A) Superior view of rat tibial plateau showing isosurface of reconstructed μCT image and areas of mineralization within the articular cartilage (◀), B) Photograph of the same specimen in which areas of well-developed mineralizations appear as white spots on the articular surface (◀), C) Representative backscattered electron image of a coronal section of the medial compartment of the tibia plateau illustrating the articular surface (⧧), mineralized region of articular cartilage (→) and underlying subchondral bone, D) Magnified image of mineralized region depicted in Panel C illustrating the mineralized area (*) and underlying calcified cartilage (#).

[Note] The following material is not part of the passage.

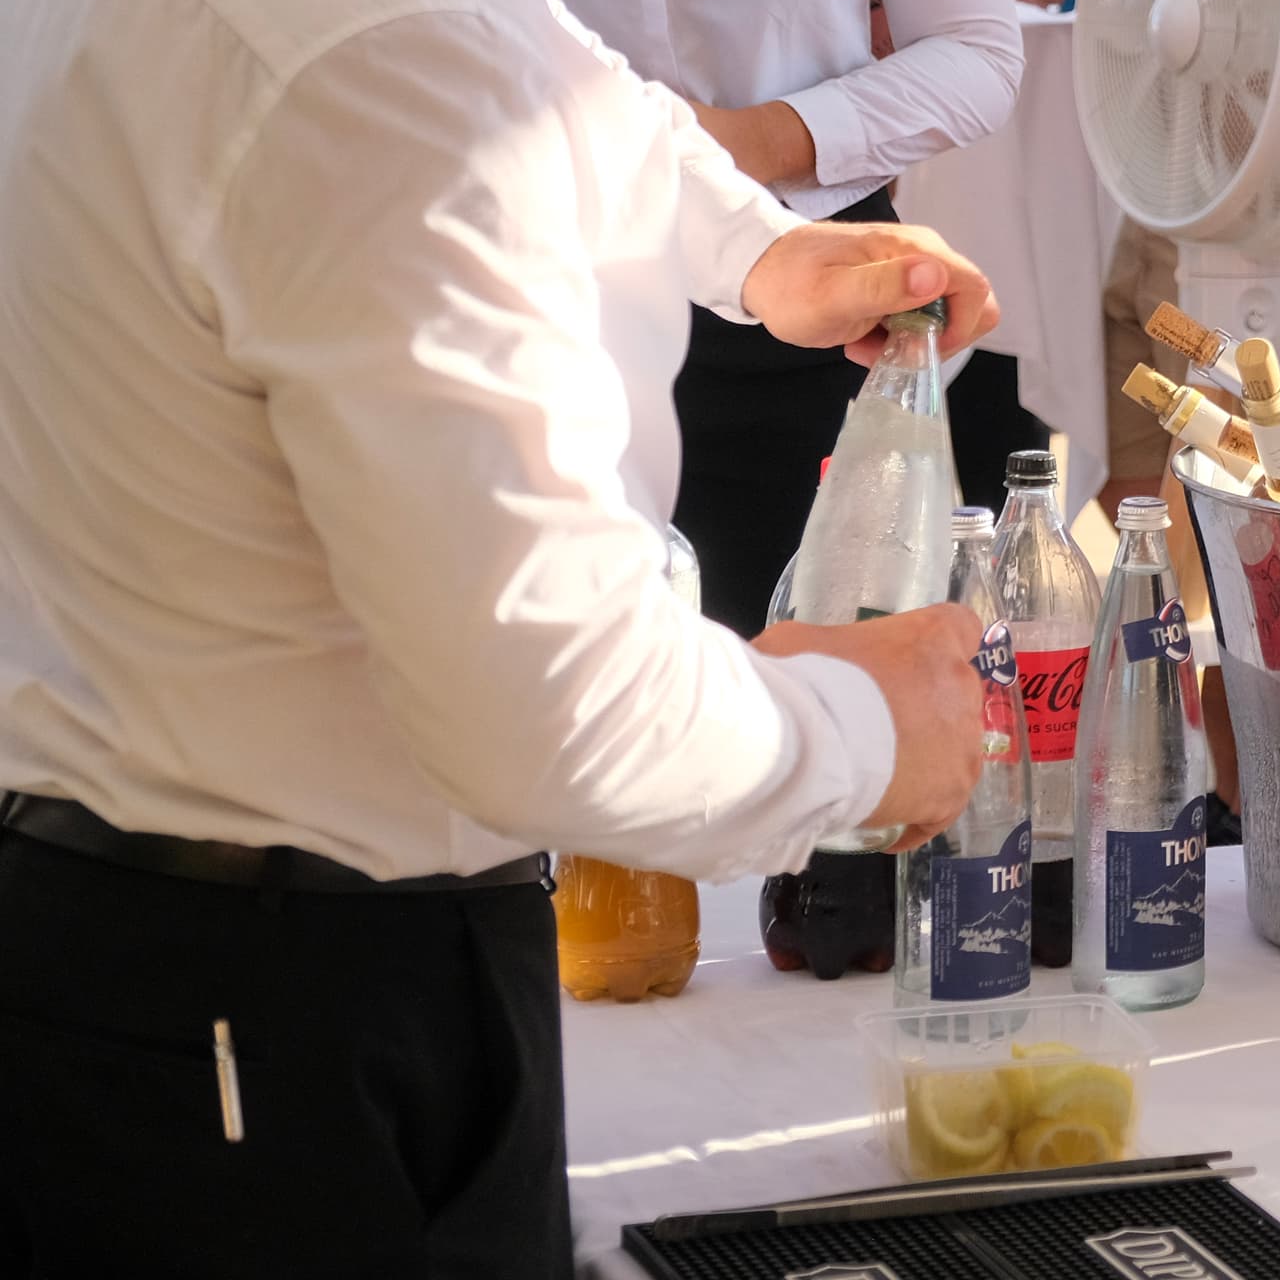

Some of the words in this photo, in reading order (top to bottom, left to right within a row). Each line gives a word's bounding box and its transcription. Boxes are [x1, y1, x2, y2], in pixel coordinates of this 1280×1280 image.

Numbered points illustrate some of points at which energy dispersive spectra were collected, E) Representative energy dispersive spectra of two mineralized particles illustrating the main components of the mineralized regions are phosphorus (P), calcium (Ca) and oxygen (O) with minor traces of magnesium (Mg) and sodium (Na).

Figure 2

Coronal osteochondral sections showing representative cyst-like regions (◀) in the articular cartilage, which were mineralized prior to histological processing, stained with Hematoxylin and Eosin (A–D) and corresponding serial section below stained with Safranin O and Fast Green (E–H). The substructure within these regions represent vestiges where large mineral deposits resided and coincide with mineralized regions as observed by μCT and surface white spots (Fig 1A–B). Little Safranin O staining was observed within cysts.